At the heart of these tensions within the prison environment, two main communities stand out, highlighted during the murder of Yvan Colonna last March: Corsican nationalists and Islamists. “There are many clichés that are associated with Corsicans as a general rule, and which are applied with even more intensity in detention. For example, these would be racist, violent, or hostile to Muslims. This stigmatization can then generate conflicts between prisoners”, explains Julien Pinelli, lawyer for Sébastien Mattei, a Corsican prisoner attacked in October 2021 at the central house in Arles. “Many looked at them with a bad eye, especially the Islamists, because they associated them with types attached to their land and their culture, not very welcoming towards foreigners”, abounds David, “convinced” that the Colonna affair will make the situation worse.

Tensions between these two groups are not new. In the mid-1990s, the prison institution was faced with a process of “religious pluralization”, with the arrival of Islamist and terrorist prisoners. “The latter will gradually form a community, and replace those of the eastern countries then in the majority, which were not centered on religion”, begins Meyer, a researcher specializing in the fight against Islamist radicalization in the prison environment, who insists on keeping his last name a secret, for security reasons. “Once installed, they will begin to organize collective prayers during walks, co-opt each other in the workshops, and exert pressure on other prisoners to supervise life in detention”, adds a former director of several penitentiary establishments, who wishes to remain anonymous. But the Corsicans will not give in so easily. “These are the ones who have shown the most resistance, and this while many prisoners have converted to Islam, 25% from 2010”, estimates Meyer, who draws these figures from empirical studies carried out in five houses. power stations. Since then, conflicts between these communities have persisted, as has proselytism. According to figures from the prison administration in September 2021, of the approximately 68,000 people incarcerated, 600 would be “common law prisoners suspected of radicalization” (DCSR).

The need for the group

However, the religious dimension is not the only one to structure prison relations. Racism, for example, also produces opposition. “In one prison facility I worked on, blacks totally rejected Arabs, because they felt they had played a fundamental role in the slavery of their ancestors. In another structure, black Africans opposed this time the Blacks from Dom-Toms, whom they accused of being worse than whites regarding the contempt they had for their continent”, develops Farhad Khosrokhavar, sociologist and research director at EHESS. Before adding: “Prison can even create community forms that do not exist outside. A white prisoner told me that he had come together with other whites, because they were They then perceived themselves as the true representatives of the nation, unlike the others, who were in their eyes foreigners”.

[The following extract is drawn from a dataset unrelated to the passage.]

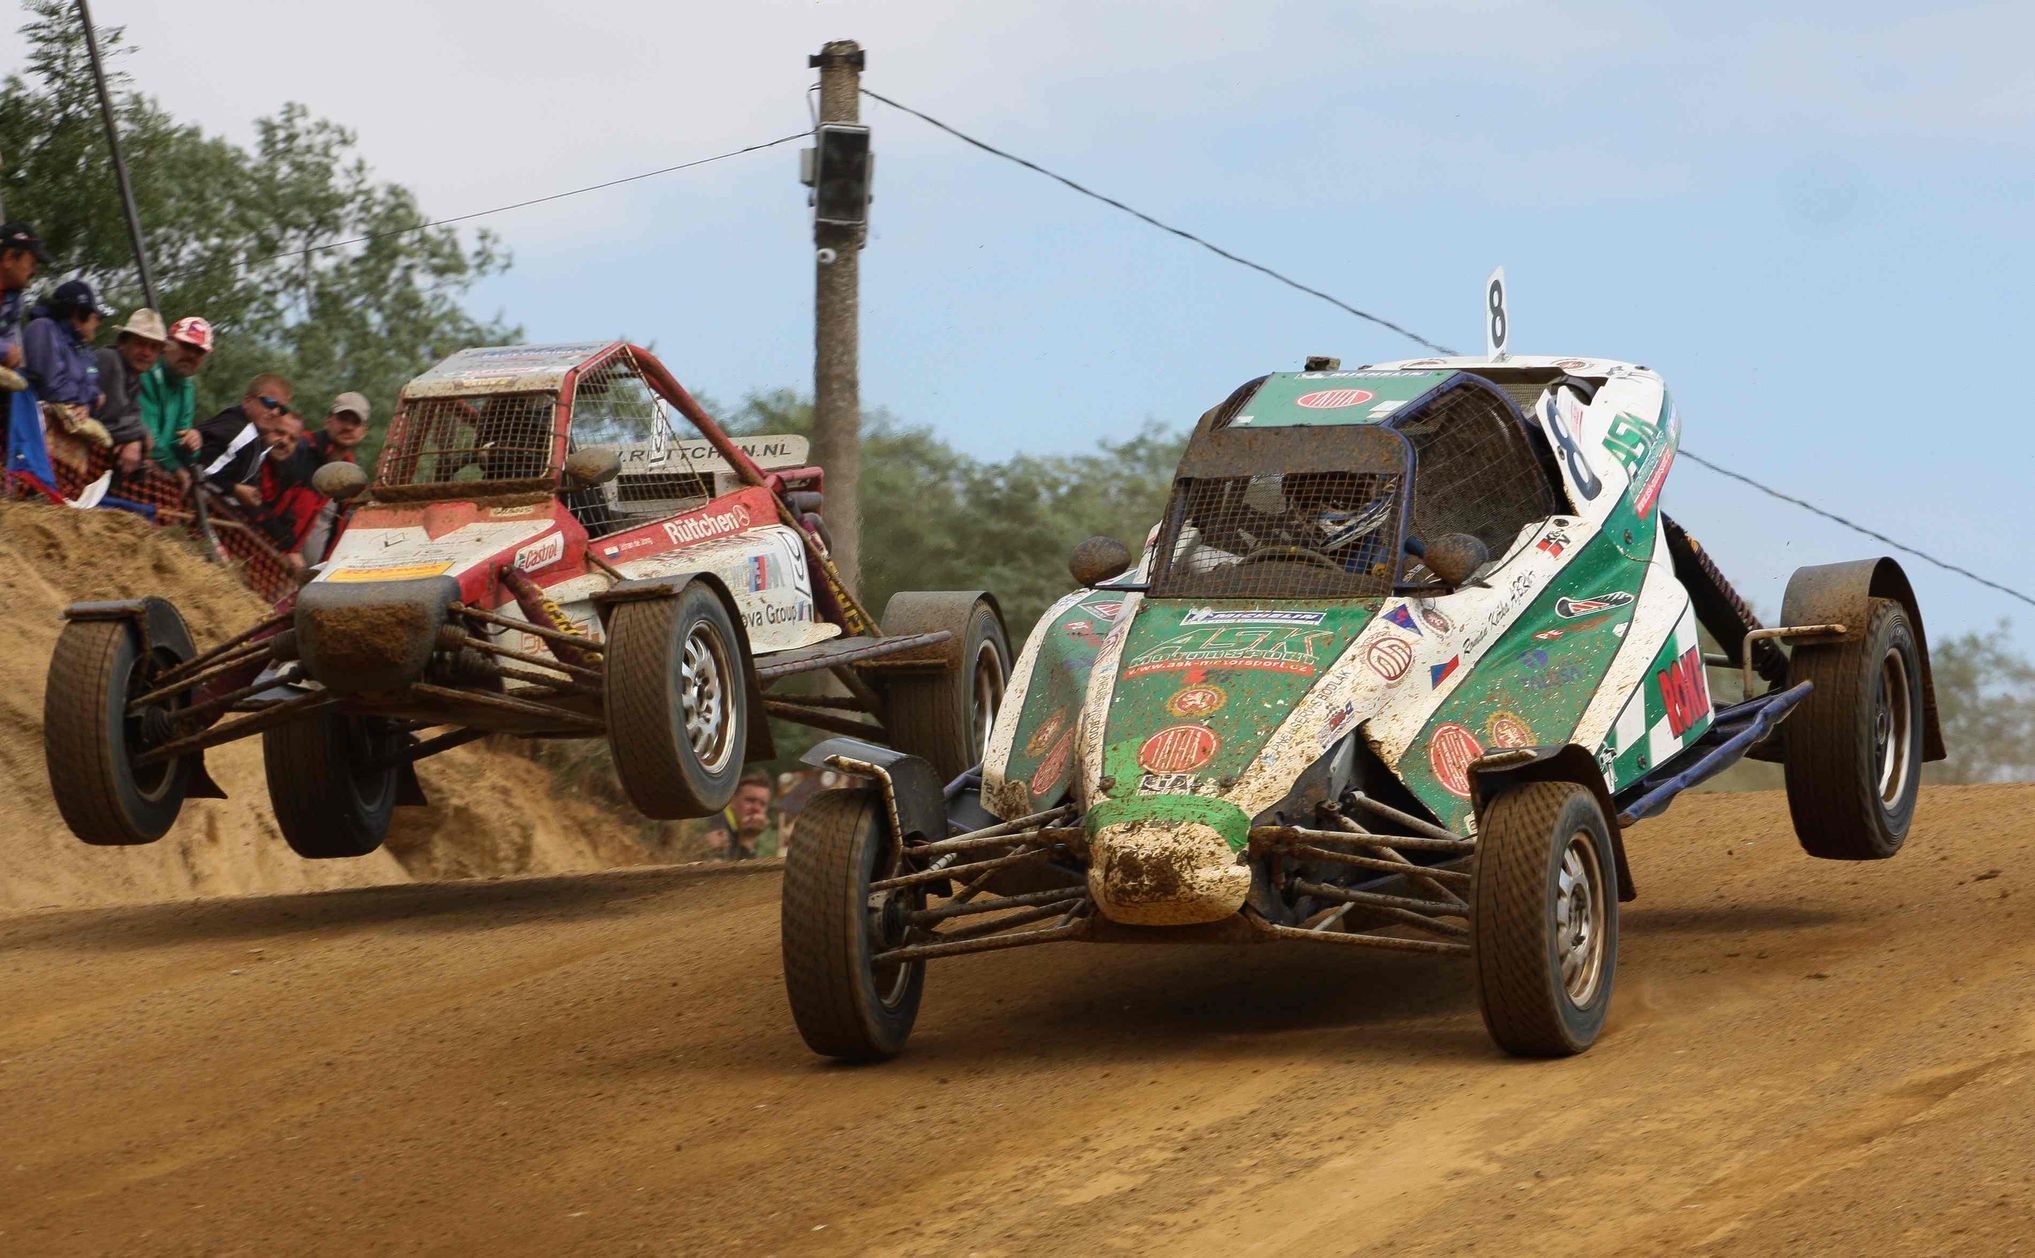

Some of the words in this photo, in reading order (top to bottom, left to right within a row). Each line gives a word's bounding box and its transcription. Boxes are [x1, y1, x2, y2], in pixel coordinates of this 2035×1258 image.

How, then, can we explain this need for prisoners to unite, common to all establishments? “It is obvious that anyone placed in an environment such as prison, deprived of care, dignity and security, will seek to protect themselves from it, by getting closer to people who look like them”, analyzes Me Pinelli, for whom tensions between communities are mainly “simple matters of domestic economy”. “If it escalates between two people from different communities, then their respective groups can actually get involved. But you shouldn’t always detect a feeling of intrinsic hostility,” he says. For his part, Meyer sees in community belonging a means of “creating a balance of power” vis-à-vis other prisoners and prison staff, in order to “obtain advantages”. “I remember that a group of Islamists asked the supervisors to quickly find them positions in the workshops, on pain of screwing up the mess. As there were many of them, it worked, but it also reinforced the resentment of the other communities. , and therefore the disputes”, illustrates David.

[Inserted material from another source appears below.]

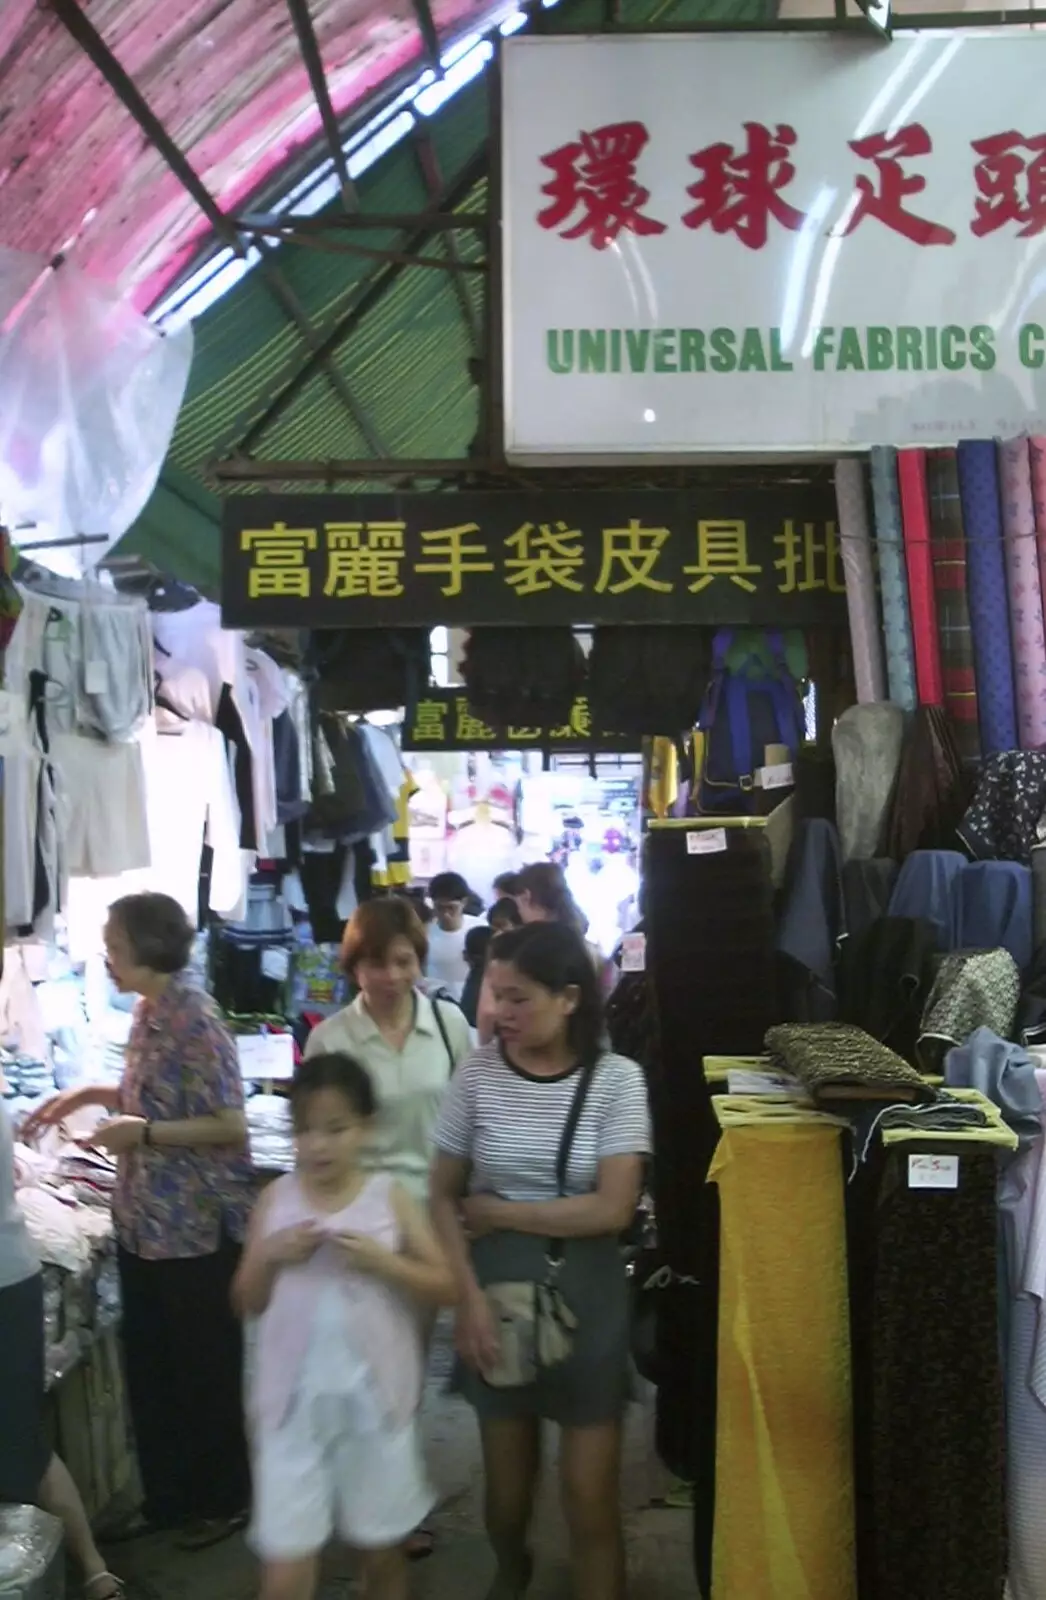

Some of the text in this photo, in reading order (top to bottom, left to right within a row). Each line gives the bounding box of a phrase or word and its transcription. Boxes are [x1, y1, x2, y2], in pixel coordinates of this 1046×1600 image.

[547, 328, 792, 373] UNIVERSAL
[814, 327, 996, 371] FABRICS
[239, 519, 844, 599] 富麗手袋皮具批

On this subject, the prison administration finds itself in a real dilemma. Should it bring prisoners with similar lifestyles together in the cells, at the risk of reinforcing communitarianism, or should they be mixed together, even if the cohabitation turns into a clash? “We have made the choice to avoid contact between gypsies and Islamists as much as possible, because we know that they live differently. And if there is a problem on one floor, we separate them immediately”, slice Estelle, guard at the Strasbourg remand center. “When prisoners start their sentence, they stay for a few days in the new arrivals area. There, we will identify their profile – age, religion, smoker or not – in order to be able to assign them with prisoners who most resemble them possible if there is room, and thus avoid tensions later”, supports Jérôme Massip, secretary general of the prison guards’ union. “The problem with this approach is that we create hard cores, criticizes Farhad Khosrokhavar. In the long term, the negative aspects, such as radicalization, will far exceed the tranquility of the short term”.

* The first name has been changed.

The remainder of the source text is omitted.